Neutron spin-echo spectroscopy (NSE)

Solutions of apoMb at pD 2 were investigated at the instrument SNS-NSE, the neutron spin echo spectrometer at the Oak Ridge National Laboratory, Oak Rigde, Tennessee, USA64. It is a time-of-flight instrument: the Larmor precession of the neutron spin in a preparation zone with magnetic field before the sample encodes the individual velocities of the incoming neutrons into a precession angle.
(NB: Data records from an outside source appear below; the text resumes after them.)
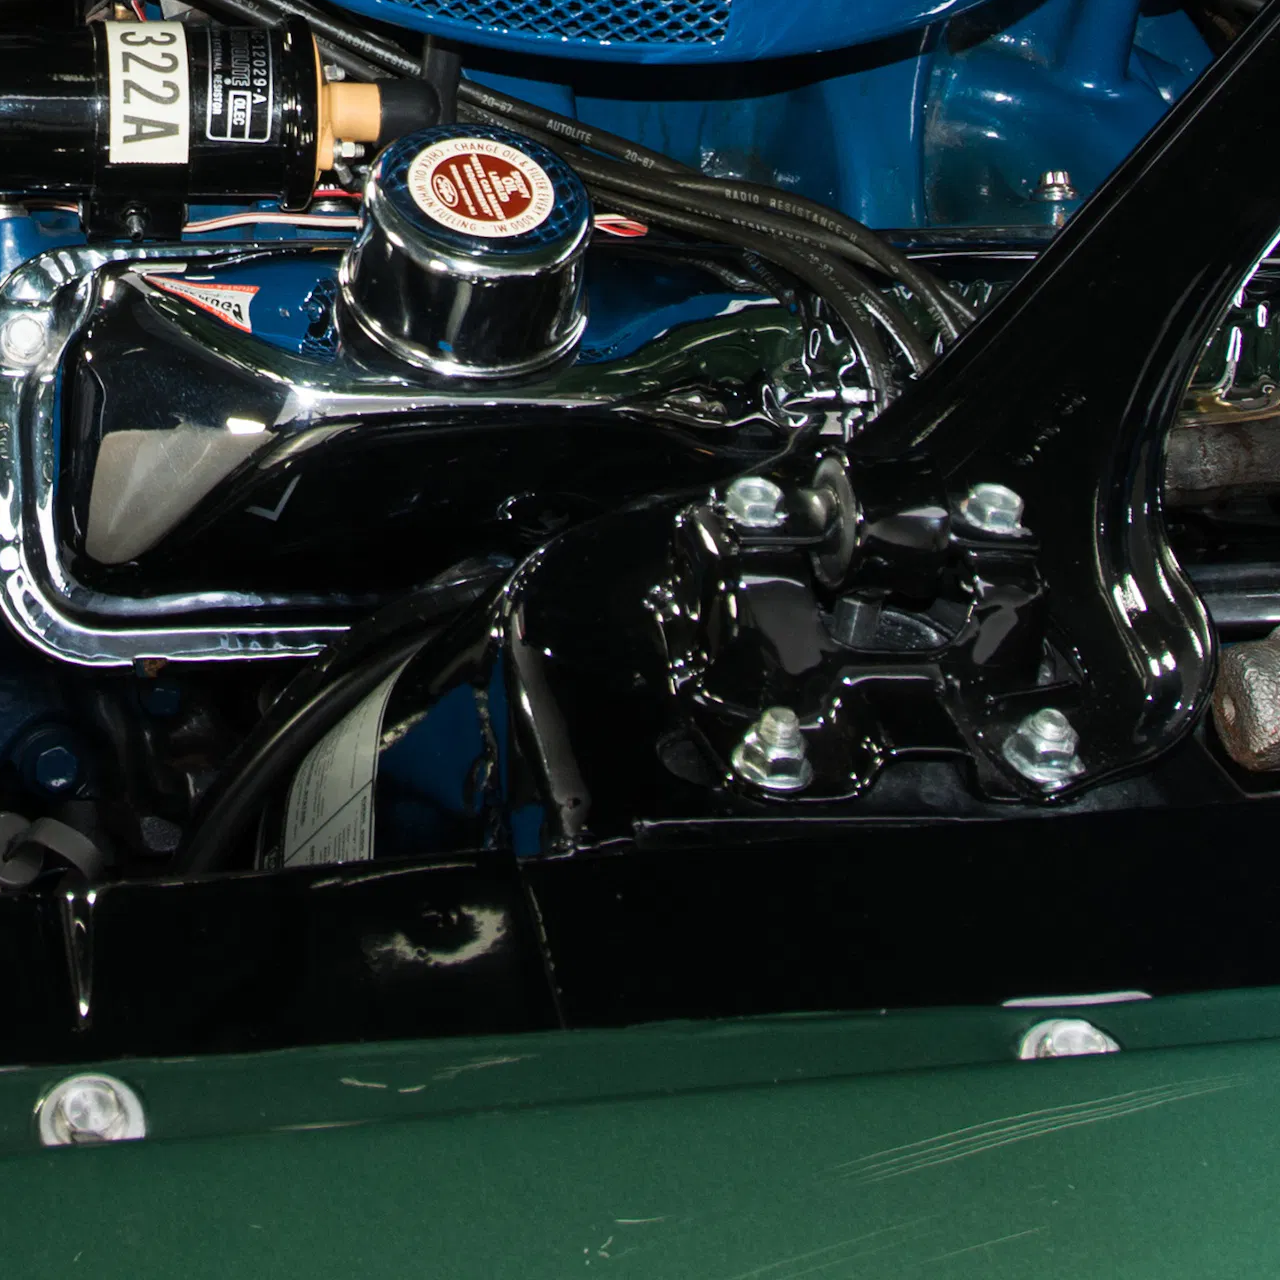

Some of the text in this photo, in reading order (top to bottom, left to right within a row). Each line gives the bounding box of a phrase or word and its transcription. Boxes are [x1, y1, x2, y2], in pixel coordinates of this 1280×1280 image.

[119, 31, 181, 144] 322A
[212, 73, 223, 116] RESISTOR
[454, 142, 498, 155] CHANGE
[502, 149, 518, 163] OIL
[546, 119, 593, 145] AUTOLITE
[724, 187, 761, 204] RADIO
[414, 149, 477, 231] CHECK OIL WHEN FUELING
[501, 176, 518, 195] OIL
[528, 167, 545, 194] FILTER
[535, 193, 550, 217] EVERY
[511, 215, 538, 231] 6000
The other samples were measured at J-NSE “Phoenix” at MLZ, Garching65. The instrument covers a Q-range of 0.03–1.0 Å−1, reaching Fourier Times of 250–90 ns using 12 and 8 Å neutrons. In the experiments presented here, a Q-range of 0.03–0.15 Å−1 was explored using using 12 and 8 Å neutrons. A graphite powder sample was measured as a scattering reference, followed by the protein sample and the buffer solution. All measurements were performed at 10 °C. NSE data evaluation was performed with the data reduction software DrSPINE66,67.

Viscosimetry

The viscosity of all protein solutions and buffers was measured at 10 °C using a rolling-ball viscometer Lovis 2000 M/ME. Each measurement was performed 3 times and the average value was reported.

UV/VIS spectroscopy

The sample absorption in a cell with a path-length of 0.1 mm (Hellma, Germany) was measured using UV/VIS Spectroscopy (Cary 300). For the very low concentrations (<1 mg/mL), a 5 mm thick quartz Hellma cell was used. The concentrations were determined from the absorption values using the molar extinction coefficient ϵ280nm = 13980 M−1 cm−1 calculated from the amino acid sequence (ExPASy46).